つらつら日暮らし

菩薩戒を受ける利点について

とりあえず、以下の一節を見ておきたい。

  菩薩戒を受くるに五利有り
 梵網経の偈に云く、明人の忍慧強て能く是の如き法を持する。未だ仏道を成ぜざる間、五種の利を安獲す。
 一つには十方仏、愍念して常に守護す。
 二つには命終の時、正見にして心歓喜す。
 三つには生生の処、諸菩薩の友と為る。
 四つには功徳聚、戒度悉く成就す。
 五つには今後世、性戒福慧満つ。
    『釈氏要覧』巻上、原漢文


これは、『梵網経』巻下の巻末部分に見える偈頌である。それを「受菩薩戒有五利」だとしているのである。なお、この「五利」を挙げているのは、本経のみであるようなので、『梵網経』及び同経で説かれる菩薩戒の功徳を広く示すために、収録されたものだと推定できよう。

それでは、具体的にはどのような利点を示しているのだろうか。

まず、一つには十方に在す仏陀が、菩薩戒を受けた者を常に慈悲の心でもって守護してくれるという。そもそも、本経では【「我今盧舎那、方坐蓮華台」について】で示したように、盧舎那仏の在す仏土に於いて展開されているため、容易に理解出来ることだと言えよう。

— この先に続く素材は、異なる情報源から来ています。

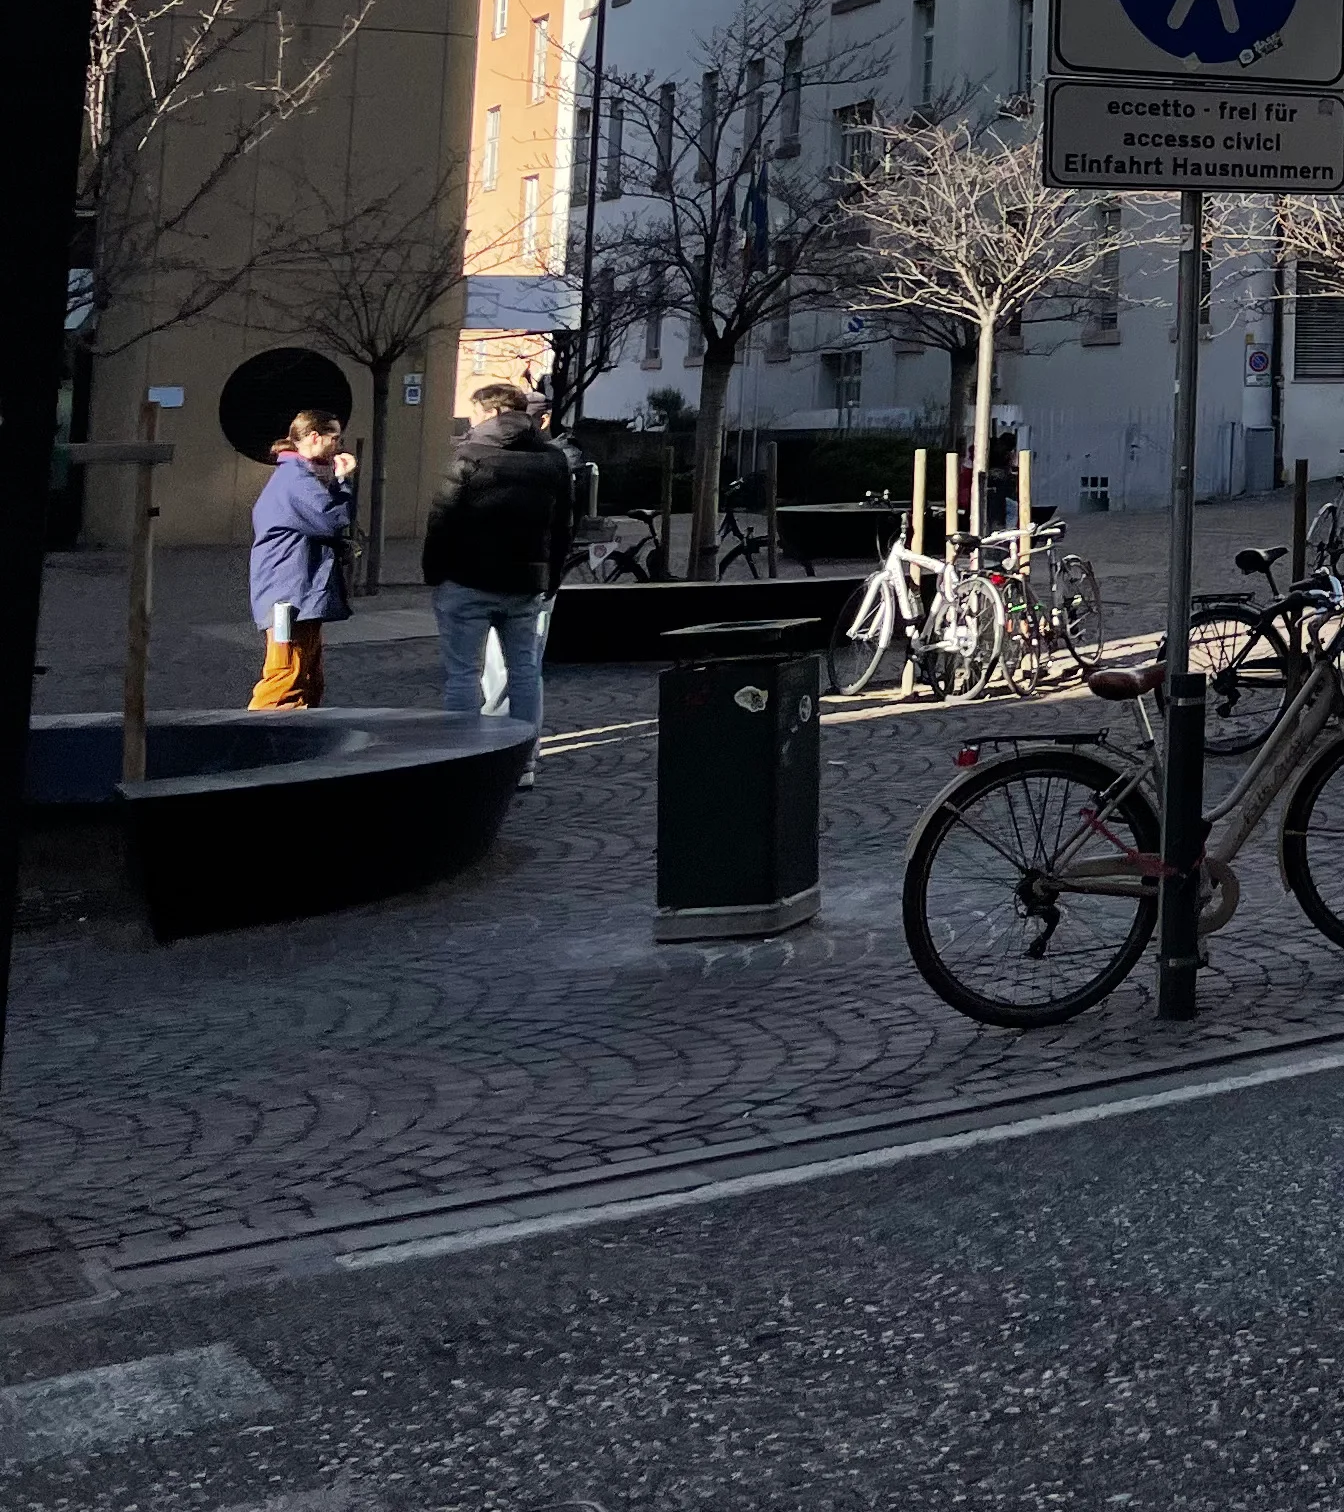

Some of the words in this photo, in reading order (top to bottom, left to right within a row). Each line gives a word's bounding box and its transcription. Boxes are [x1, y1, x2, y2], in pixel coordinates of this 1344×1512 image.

[1107, 99, 1196, 118] eccetto
[1218, 101, 1257, 121] frei
[1265, 102, 1298, 123] für
[1123, 132, 1216, 149] accesso
[1223, 132, 1282, 152] civici
[1064, 153, 1164, 175] Einfahrt
[1172, 157, 1334, 180] Hausnummern

そして、二つには菩薩戒を受けた者が臨終を迎えても、死の恐怖などによって混乱すること無く、正見を保つという。その結果、心が歓喜するというが、これは、正見を保つことによって、例えば、阿弥陀仏の来迎なども期待出来るからだといえよう(厳密には、「臨終正念」とはいうが)。

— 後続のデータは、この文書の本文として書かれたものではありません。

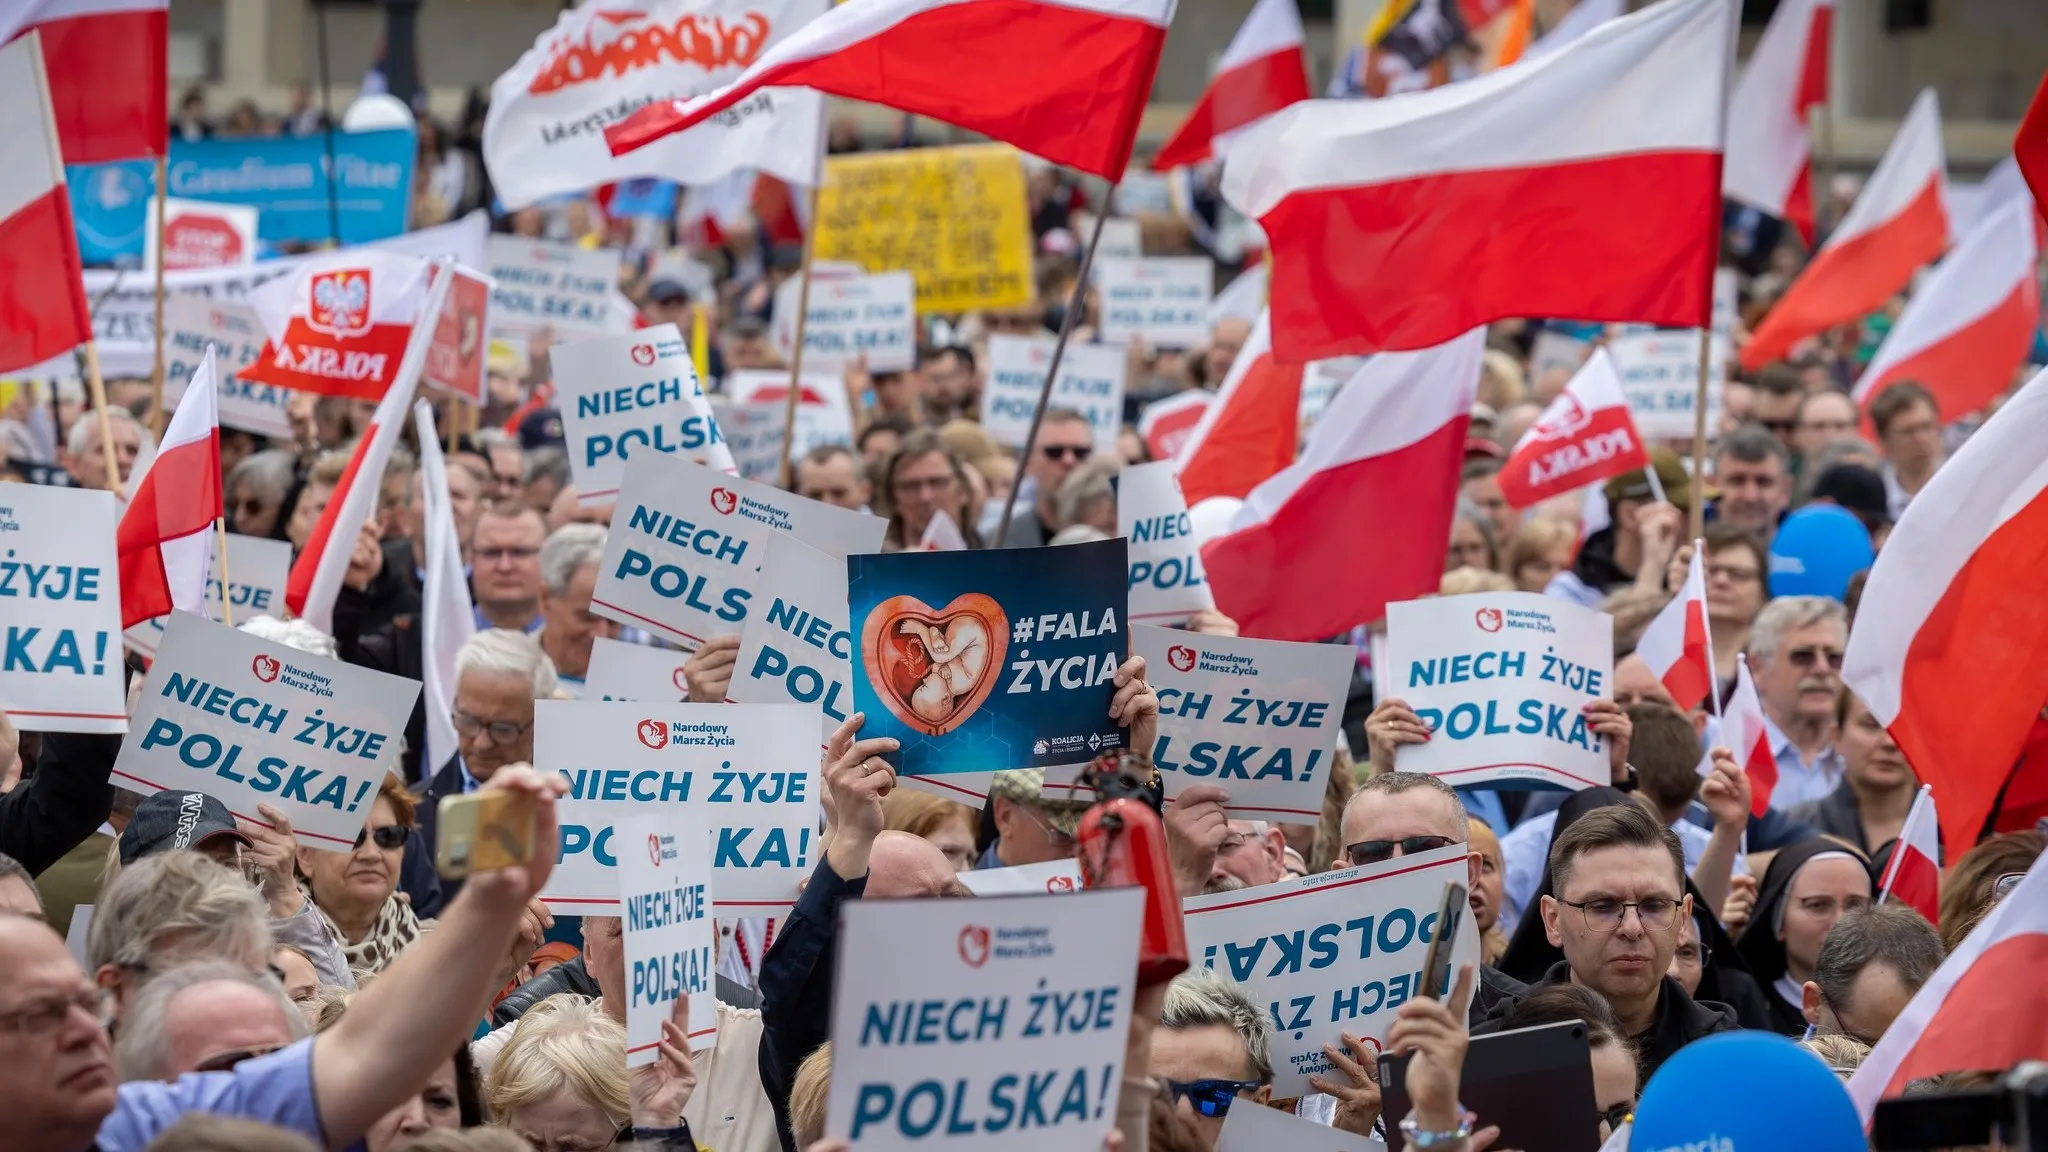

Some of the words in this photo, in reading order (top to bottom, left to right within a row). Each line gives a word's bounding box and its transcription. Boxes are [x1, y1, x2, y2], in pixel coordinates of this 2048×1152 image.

[577, 377, 680, 418] NIECH
[738, 507, 767, 524] Marsz
[767, 513, 793, 531] Życia
[741, 496, 790, 519] Narodowy
[629, 505, 749, 565] NIECH
[615, 548, 752, 622] POLS
[766, 597, 851, 660] NIEC
[1013, 607, 1118, 643] #FALA
[1506, 608, 1552, 622] Narodowy
[284, 663, 332, 686] Narodowy
[1007, 649, 1121, 694] ŻYCIA
[1199, 662, 1230, 674] Marsz
[1230, 661, 1259, 677] Życia
[1201, 650, 1254, 666] Narodowy
[1408, 651, 1526, 687] NIECH
[1540, 645, 1602, 697] ŻYJE
[280, 674, 308, 691] Marsz
[309, 680, 334, 698] Życia
[161, 671, 288, 734] NIECH
[294, 708, 388, 760] ŻYJE
[673, 722, 728, 735] Narodowy
[1223, 688, 1330, 729] ŻYJE
[673, 735, 706, 746] Marsz
[707, 732, 735, 748] Życia
[1051, 735, 1084, 746] KOALICJA
[1152, 736, 1324, 783] LSKA!
[140, 717, 372, 813] POLSKA!
[558, 768, 693, 802] NIECH
[707, 760, 808, 803] ŻYJE
[555, 824, 810, 868] POKA!
[1301, 869, 1359, 886] afirmacja.info
[628, 889, 672, 932] NIECH
[675, 876, 705, 924] ŻYJE
[633, 946, 709, 1008] POLSKA!
[858, 996, 1010, 1047] NIECH
[1021, 977, 1120, 1038] ŻYJE
[1290, 1049, 1319, 1065] Życia
[848, 1063, 1115, 1141] POLSKA!

また、三つには菩薩戒を受けた者が生まれ変わりをしても、常に諸菩薩が友になってくれるという。これは、同行善知識などを示しているといえよう。

それから、四つには功徳が皆集まってくるとし、戒度(尸羅波羅蜜)が尽く成就するという。つまり、菩薩戒の成就がなるという。よって、菩薩戒を受ければ、自ずとその成就が達成されるという論理になる。この辺は、実はこれまで考えたことが無かった。

よって、五つに繋がるのだが、今世も後世も、性戒が具わり、福慧が満ちるという。つまり、戒だけでは無く智慧も全て具わるのである。このような五つの利点があるとすれば、やはり自ずと菩薩戒を受けることになるだろう。この記事を読まれた方にも、是非、機会があれば、菩薩戒を受けていただきたいものだ。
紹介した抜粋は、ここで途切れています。